Morgen Mao : « Nous concentrons nos activités sur cinq axes principaux »

Morgen Mao

Représentant de la plateforme et gestionnaire de fonds d’investissement chinois

La région Fès-Meknès suscite un intérêt croissant pour les investisseurs internationaux, grâce à sa position stratégique entre l’Afrique et l’Europe. Morgen Mao, représentant d’une plateforme chinoise de fonds d’investissement, y voit un terrain propice au déploiement de projets en robotique et technologies biomédicales. Ses initiatives visent également à créer des synergies avec les TPME locales et à favoriser la montée en gamme des filières traditionnelles. L’accueil des acteurs régionaux et la qualité des infrastructures renforcent ce potentiel d’investissement.

Cette mission constitue le premier contact de votre région avec le marché marocain. Quelle lecture faites-vous du positionnement de Fès-Meknès après ces échanges ?

L’invitation de la Chambre de commerce a suscité notre intérêt malgré la période chargée du Nouvel An chinois. Les discussions avec les responsables de la commune et les acteurs économiques locaux ont confirmé une posture stratégique déterminante.

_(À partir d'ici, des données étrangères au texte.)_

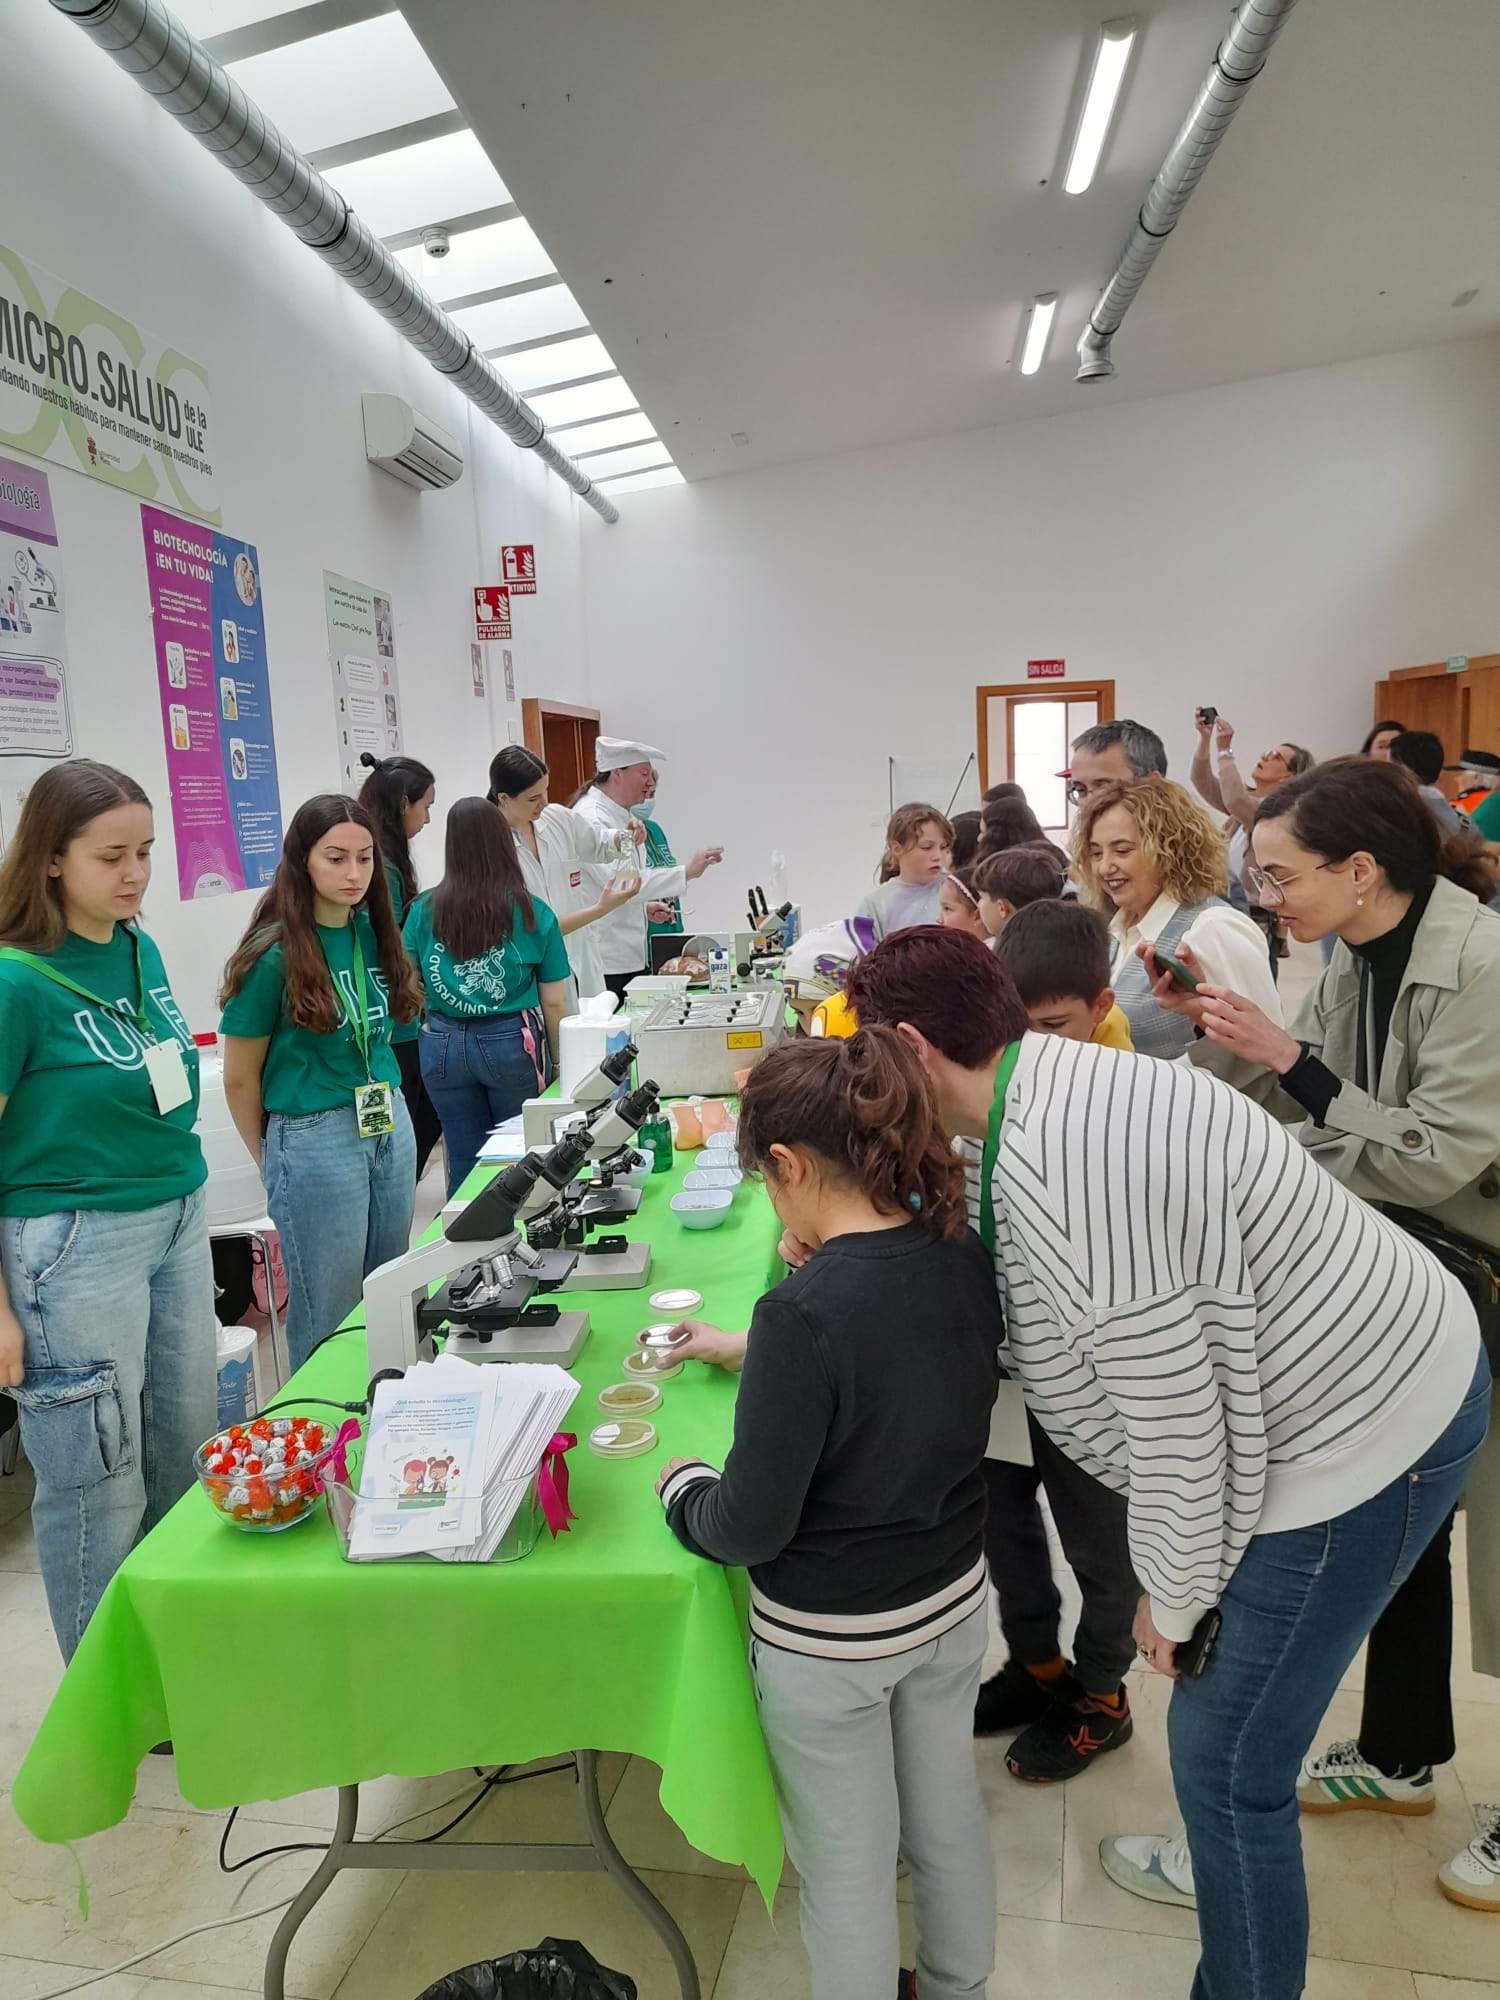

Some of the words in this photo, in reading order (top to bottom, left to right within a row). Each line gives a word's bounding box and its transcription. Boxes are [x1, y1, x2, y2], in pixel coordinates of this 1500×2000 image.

[184, 400, 196, 424] de
[197, 405, 207, 430] la
[32, 382, 69, 410] nuestros
[100, 414, 117, 432] para
[118, 423, 152, 448] mantener
[153, 439, 173, 459] sanos
[173, 449, 199, 470] nuestros
[199, 460, 213, 476] pies
[185, 425, 205, 453] ULE
[153, 529, 228, 568] BIOTECNOLOGÍA
[174, 557, 187, 575] TU
[188, 562, 214, 584] VIDA!
[479, 625, 510, 633] PULSADOR
[488, 631, 511, 639] ALARMA
[1040, 663, 1063, 675] SALIDA
[340, 697, 345, 712] 2
[711, 963, 728, 972] gaza
[429, 955, 487, 1014] UNIVERSIDAD
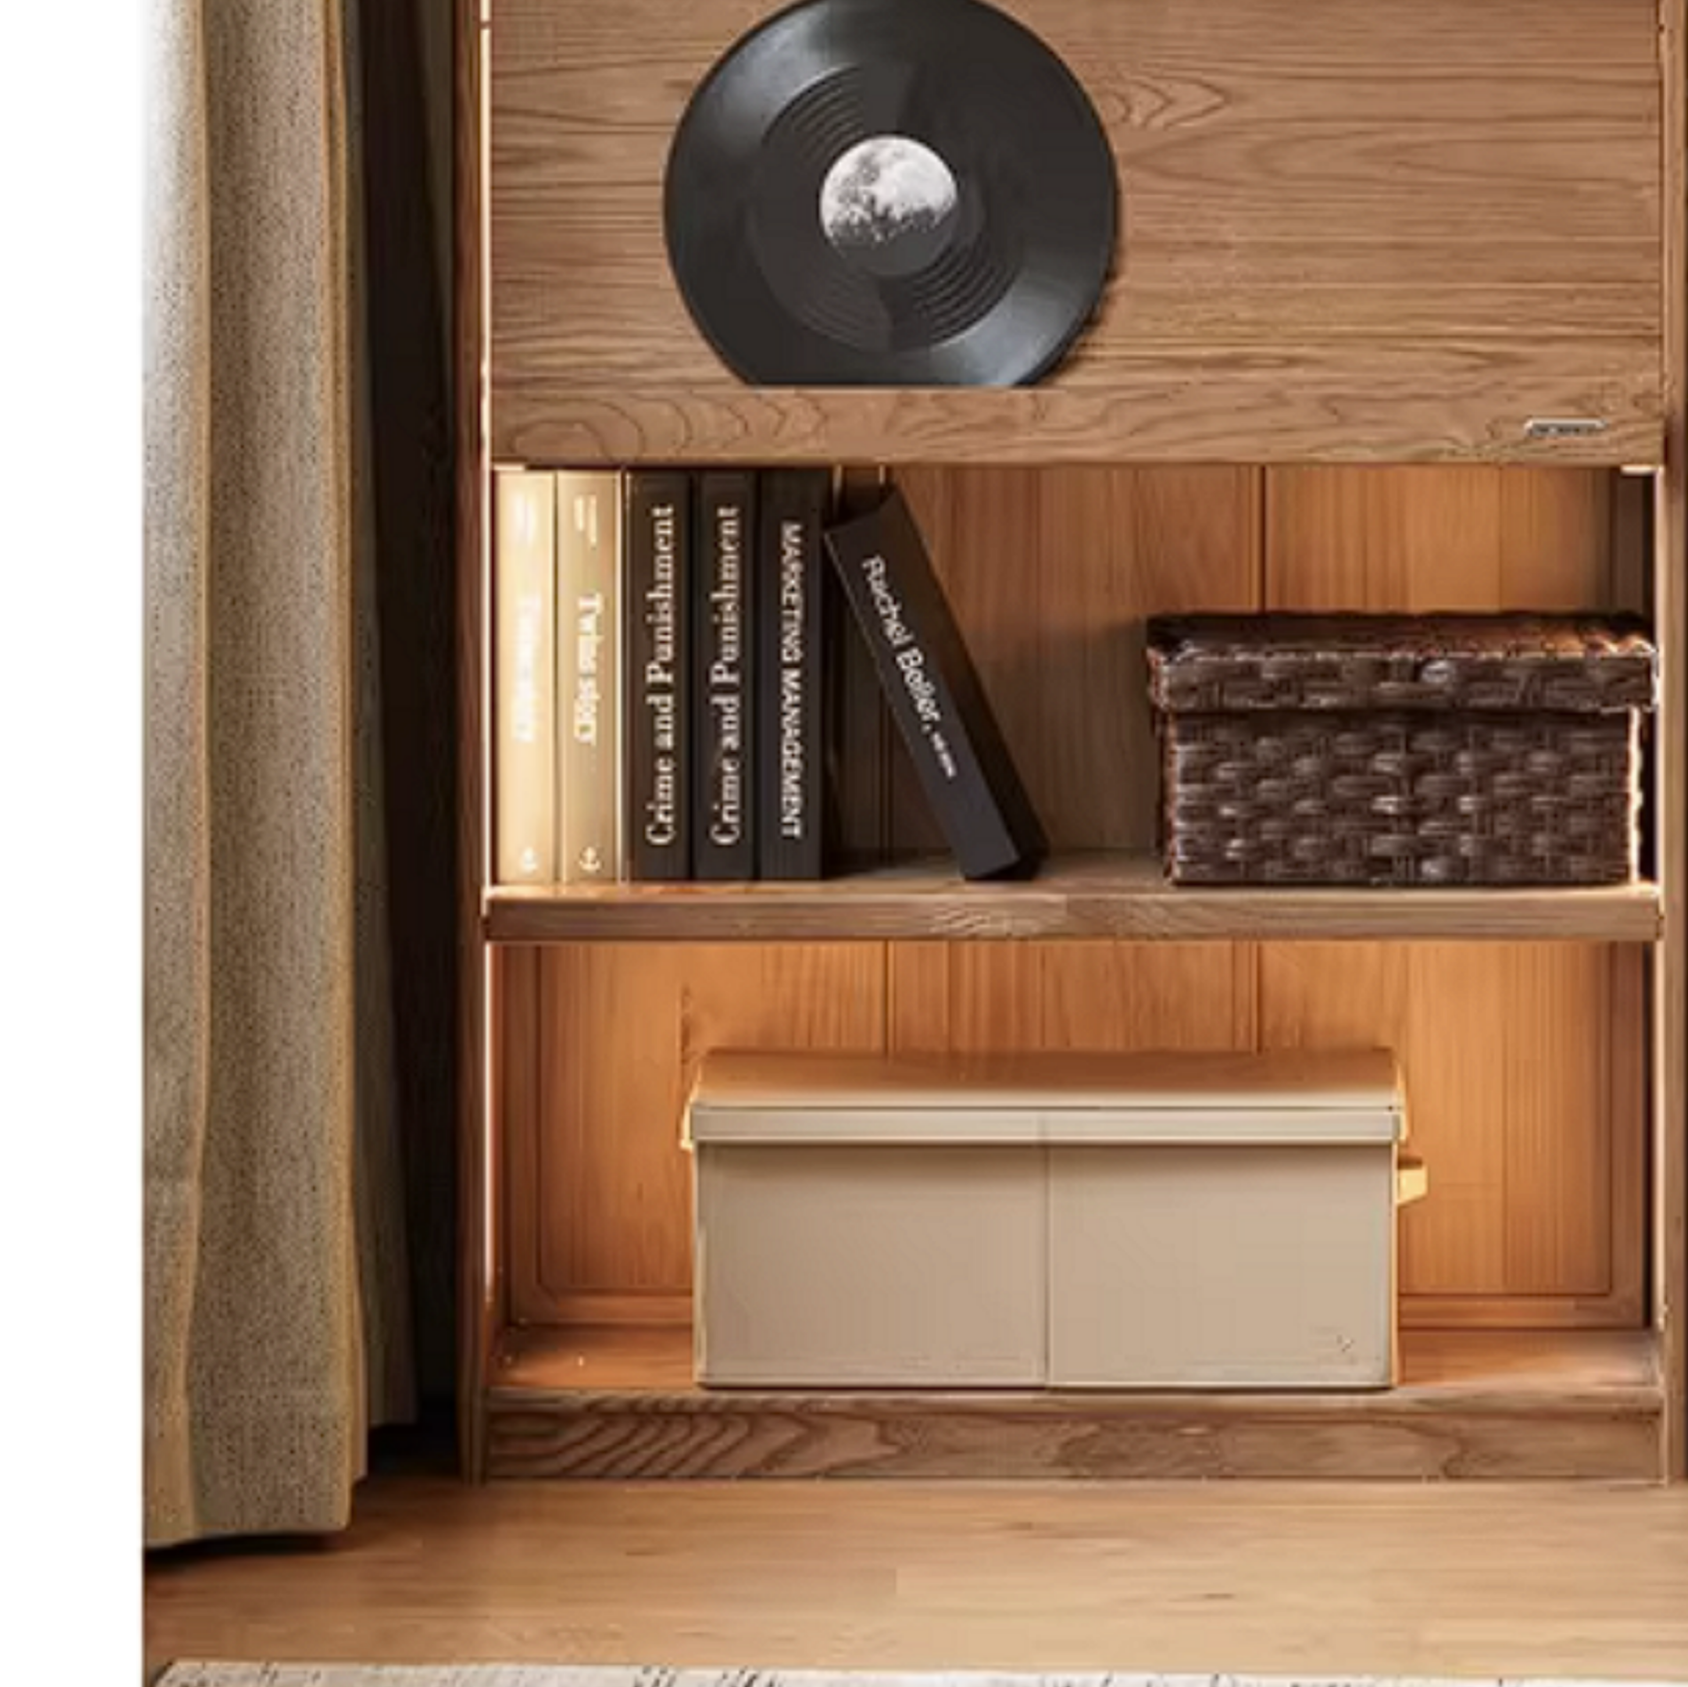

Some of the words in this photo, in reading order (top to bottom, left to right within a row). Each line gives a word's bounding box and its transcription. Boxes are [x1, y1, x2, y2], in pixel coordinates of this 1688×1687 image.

[645, 506, 674, 685] Punishment
[709, 506, 740, 685] Punishment
[780, 521, 802, 662] MARKETING
[861, 554, 915, 646] Rachel
[645, 693, 674, 750] and
[711, 693, 740, 750] and
[780, 668, 802, 839] MANAGEMENT
[645, 757, 675, 846] Crime
[711, 757, 740, 846] Crime

Le Maroc apparaît clairement comme un point de liaison central entre le continent africain et le marché européen. Cette position géographique offre une porte d’entrée incontournable pour les investisseurs internationaux. La qualité de l’accueil et la vision présentée par les instances régionales nous confortent dans l’idée d’établir des relations d’affaires durables avec ce territoire.

Vos fonds d’investissement ciblent des domaines de haute technologie. Quels projets concrets pourraient émerger de cette coopération ?

Nous concentrons nos activités sur cinq axes principaux dont l’intelligence artificielle, la robotique, la cybersécurité, la technologie biomédicale et la sécurité minière.

Deux projets retiennent particulièrement notre attention concernant le marché marocain. Le premier concerne le déploiement d’un cluster dédié aux robots de service et industriels, un secteur où nous disposons déjà d’accréditations sur les marchés américain et européen. Le second projet porte sur la détection médicale et la production de tests réactifs.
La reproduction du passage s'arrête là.